Along with his salary of $1 million, Crandall earned a $3.4 million bonus and more than $7 million in additional incentives other compensation. State regulations require insurers to report the compensation of their top executives each year.

As mutual insurers, Liberty Mutual and MassMutual are owned by policyholders, rather than shareholders.

Critics of the multimillion dollar pay packages have argued that the surplus profits should go to the customers rather than executives, or be reinvested in the business.

But company officials say the pay reflects the growth the companies have had under these chief executives. The pay, they add, is comparable to that of their peers at other major insurers.

Executive compensation is “based on company performance, benchmark data, market practices, individual performance, and other factors,” said Mark Cybulski, a spokesman for MassMutual. MassMutual reported a 3 percent increase in its revenues in 2013 to $27.6 billion.
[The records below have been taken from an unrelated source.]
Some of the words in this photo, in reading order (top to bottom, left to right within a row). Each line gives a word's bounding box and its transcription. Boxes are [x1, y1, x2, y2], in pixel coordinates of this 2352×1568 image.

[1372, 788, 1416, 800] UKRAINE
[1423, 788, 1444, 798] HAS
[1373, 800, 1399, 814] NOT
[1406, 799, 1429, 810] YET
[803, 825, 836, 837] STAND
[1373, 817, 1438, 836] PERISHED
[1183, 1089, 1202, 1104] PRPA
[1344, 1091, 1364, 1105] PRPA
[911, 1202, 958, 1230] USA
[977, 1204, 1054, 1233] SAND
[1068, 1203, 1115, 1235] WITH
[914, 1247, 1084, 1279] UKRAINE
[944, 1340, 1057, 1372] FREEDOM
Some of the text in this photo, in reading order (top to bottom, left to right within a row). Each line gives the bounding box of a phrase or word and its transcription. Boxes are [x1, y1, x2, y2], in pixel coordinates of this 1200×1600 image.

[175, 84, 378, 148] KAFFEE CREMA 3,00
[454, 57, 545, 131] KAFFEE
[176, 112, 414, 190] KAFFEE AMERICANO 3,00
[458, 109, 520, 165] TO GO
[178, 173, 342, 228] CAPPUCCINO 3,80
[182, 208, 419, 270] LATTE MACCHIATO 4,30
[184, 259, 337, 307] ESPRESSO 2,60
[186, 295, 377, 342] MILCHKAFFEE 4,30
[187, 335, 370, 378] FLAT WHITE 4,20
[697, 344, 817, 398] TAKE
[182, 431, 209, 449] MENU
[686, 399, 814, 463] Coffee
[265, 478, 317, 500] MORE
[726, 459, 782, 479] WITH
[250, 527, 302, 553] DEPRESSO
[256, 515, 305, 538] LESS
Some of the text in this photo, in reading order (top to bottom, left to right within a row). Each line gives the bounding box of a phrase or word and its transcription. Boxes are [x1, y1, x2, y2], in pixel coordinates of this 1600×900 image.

Liberty Mutual has done particularly well in recent years, John Cusolito, a spokesman for the company said, and Long is being paid for his success

“David Long’s compensation for 2013 reflects our improved operating performance from 2011 to 2012,” Cusolito said. In 2012, the company’s profits more than doubled to $829 million from the previous year.

Liberty Mutual did almost as well in 2013, with profits growing to $1.7 billion, according to its annual earnings reported this past week.

The company saw a strong growth in its sales of auto and homeowner’s polices while benefiting from fewer claims due to major storms.

In 2012, the company received nearly 100,000 claims related to Hurricane Sandy, which battered major cities along the East Coast and forced the company to record an $886 million pretax loss.

Last year, the company spent 39 percent less on damage from catastrophic weather.

Despite the profits in 2013, Liberty Mutual told employees last year that it would be reducing its contribution to worker retirement plans and other benefits. The company said the changes to the benefits package would bring it in line with those of similar financial firms.

Liberty Mutual’s executive pay became particularly controversial after state filings two years ago revealed that the company’s longtime former executive Edmund F. “Ted” Kelly received $50 million a year from 2008 to 2010, making him one of the highest paid corporate executives in the country .

Kelly stepped down as chairman of the Liberty Mutual board of directors in June 2013.

For his half a year on the board, Kelly earned $214,618 in pay and $40,631 in personal use of the company’s plane.